> _WORK TO COMPLETE_:
Starting from the line in which "Some of the words" appears, output every line down to the last line of the data below, exactly and without anything more.

RECORDED DATA section start

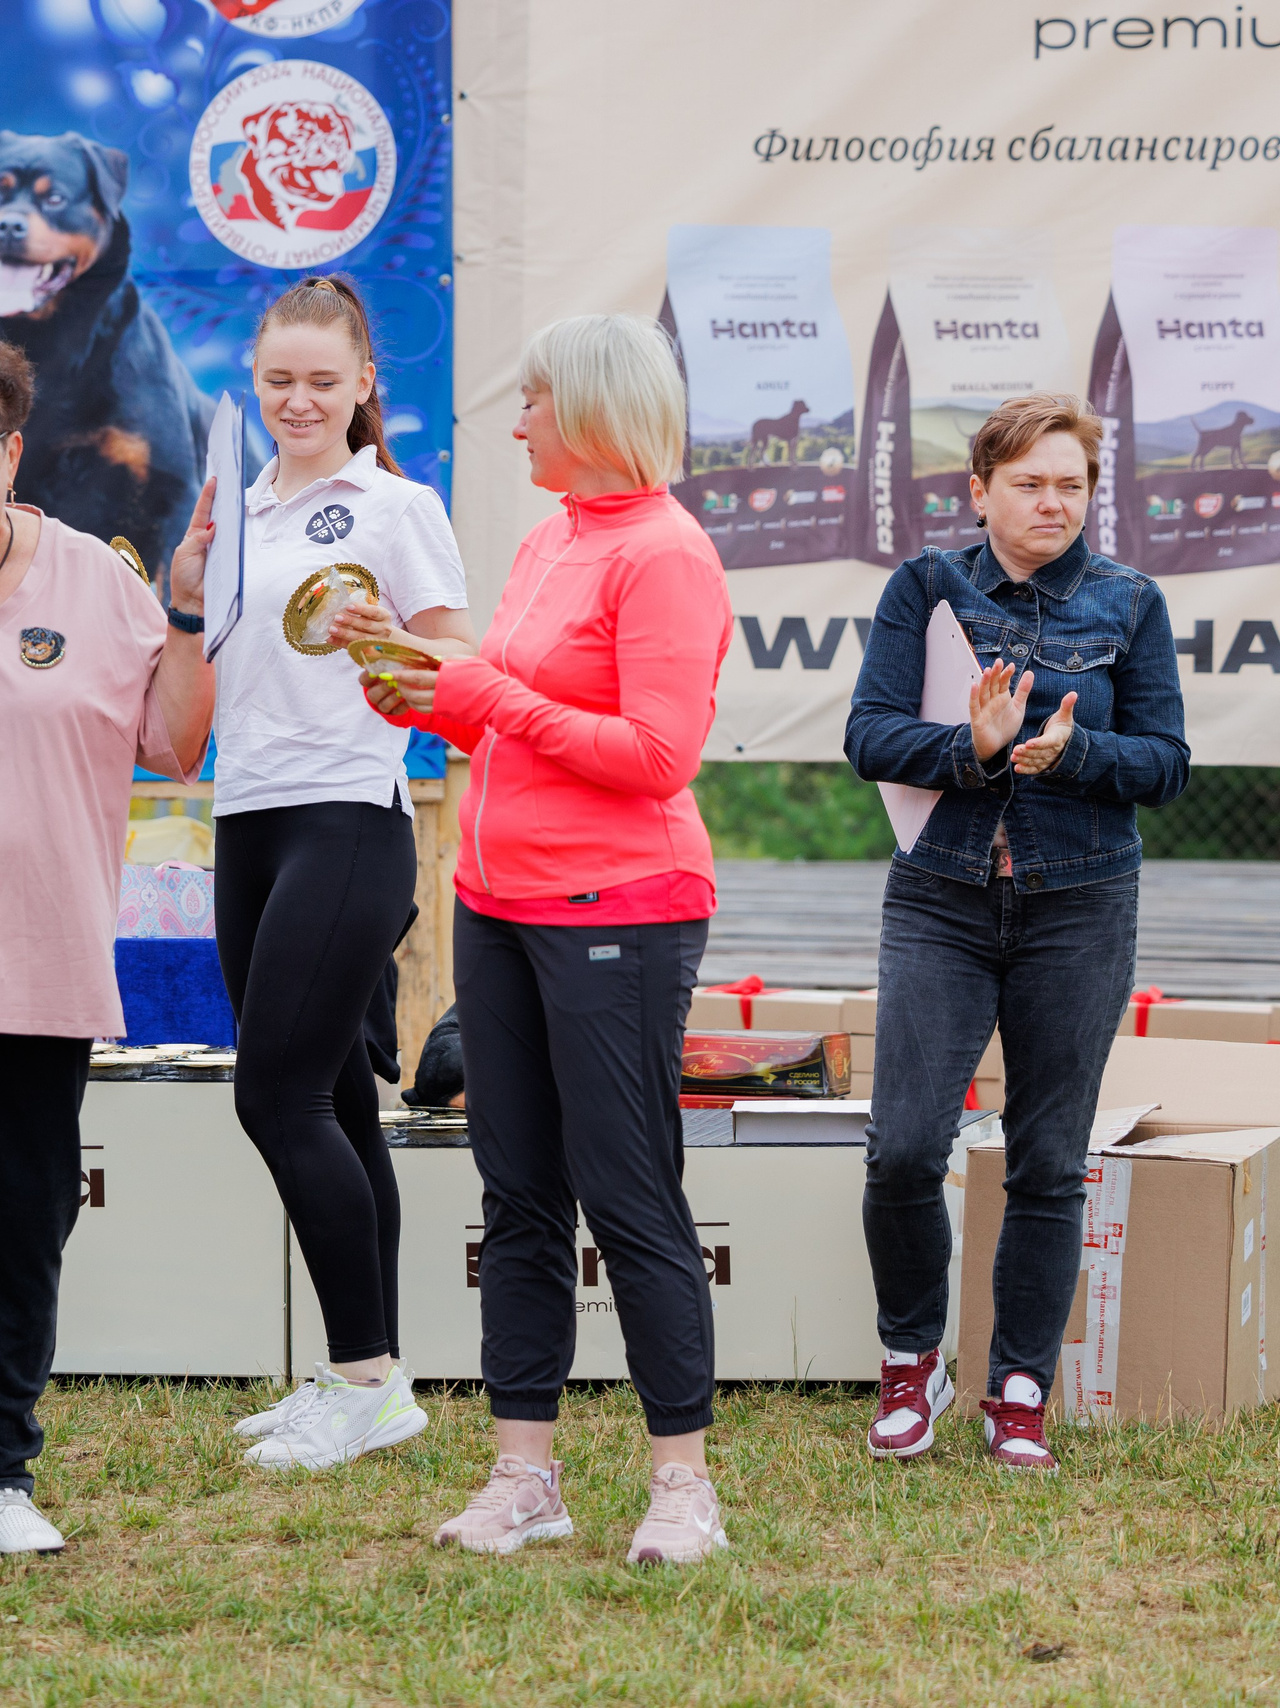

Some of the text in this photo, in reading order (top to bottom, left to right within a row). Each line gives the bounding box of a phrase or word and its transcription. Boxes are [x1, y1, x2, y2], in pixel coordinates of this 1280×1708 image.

[246, 63, 291, 89] 2024
[753, 126, 995, 171] Философия
[710, 319, 818, 339] Hanta
[934, 319, 1040, 340] Hanta
[1157, 318, 1264, 339] Hanta
[875, 420, 896, 555] Hanta
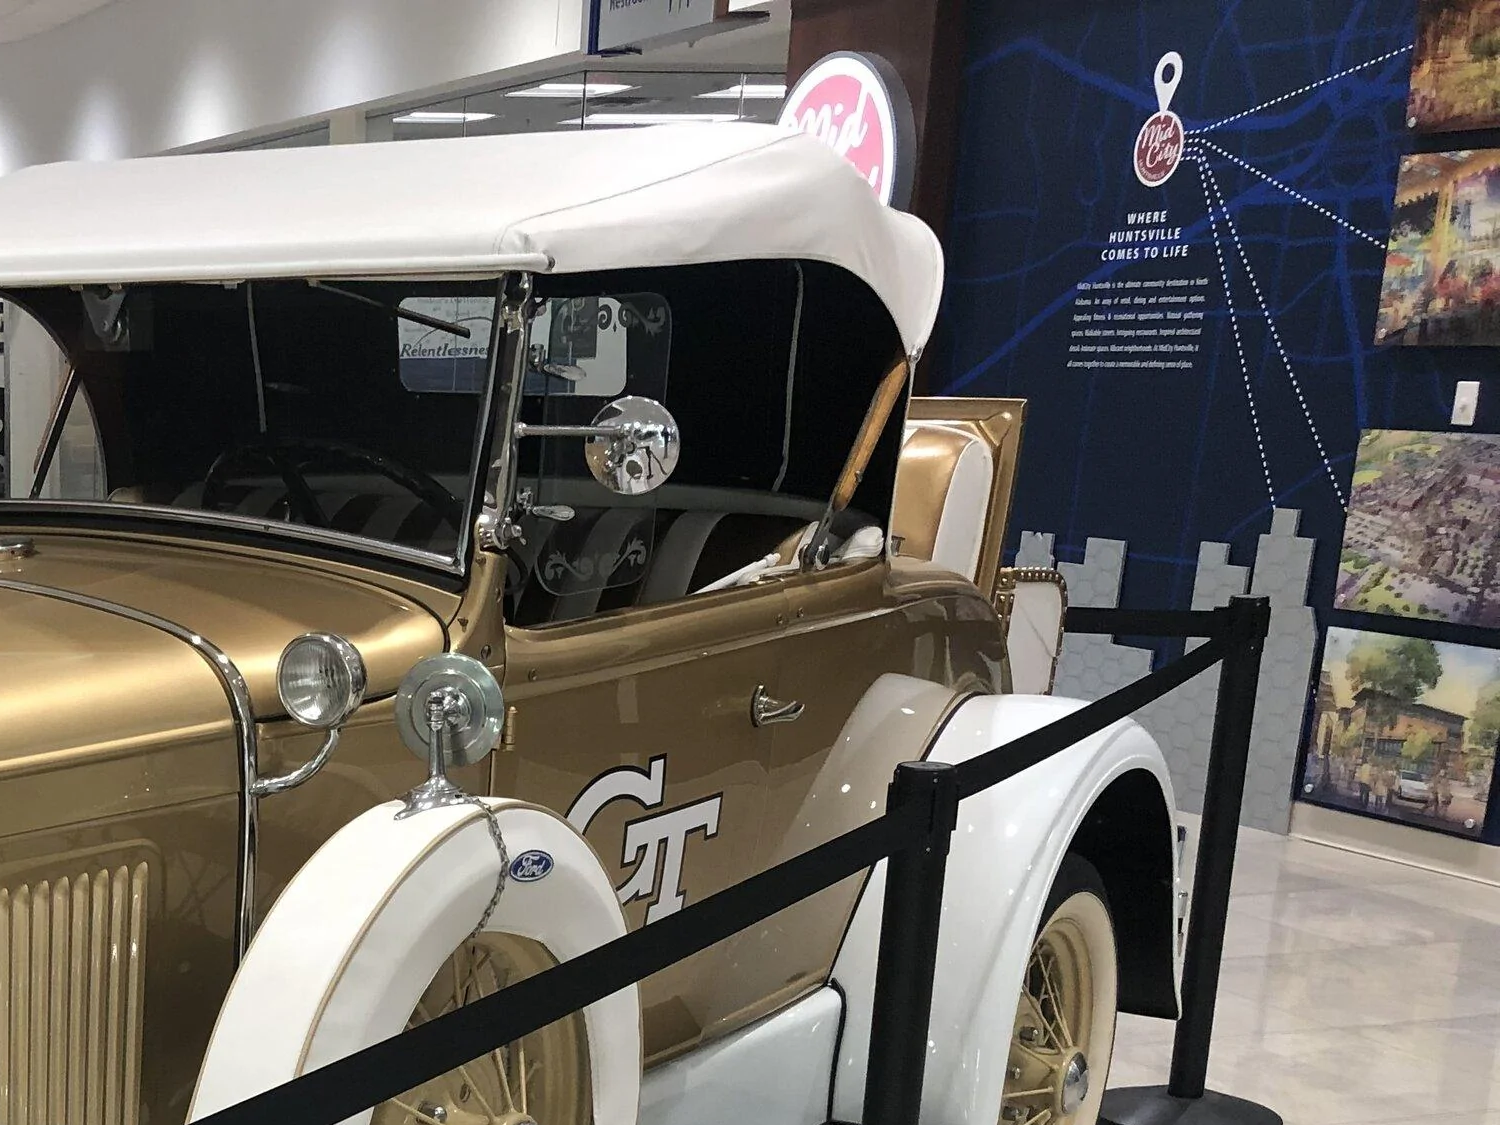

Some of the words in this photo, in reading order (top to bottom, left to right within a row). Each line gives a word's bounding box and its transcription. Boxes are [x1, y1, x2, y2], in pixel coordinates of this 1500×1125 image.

[1141, 118, 1175, 149] Mid
[1146, 142, 1179, 168] City
[1127, 210, 1168, 225] WHERE
[1108, 227, 1182, 243] HUNTSVILLE
[1101, 247, 1139, 261] COMES
[1143, 246, 1159, 259] TO
[1162, 244, 1189, 258] LIFE
[400, 343, 489, 357] Relentlessnes
[517, 854, 546, 877] Ford

RECORDED DATA section end

> _EXERCISE OUTPUT_:
Some of the words in this photo, in reading order (top to bottom, left to right within a row). Each line gives a word's bounding box and its transcription. Boxes are [x1, y1, x2, y2], in pixel coordinates of this 1500×1125 image.

[1141, 118, 1175, 149] Mid
[1146, 142, 1179, 168] City
[1127, 210, 1168, 225] WHERE
[1108, 227, 1182, 243] HUNTSVILLE
[1101, 247, 1139, 261] COMES
[1143, 246, 1159, 259] TO
[1162, 244, 1189, 258] LIFE
[400, 343, 489, 357] Relentlessnes
[517, 854, 546, 877] Ford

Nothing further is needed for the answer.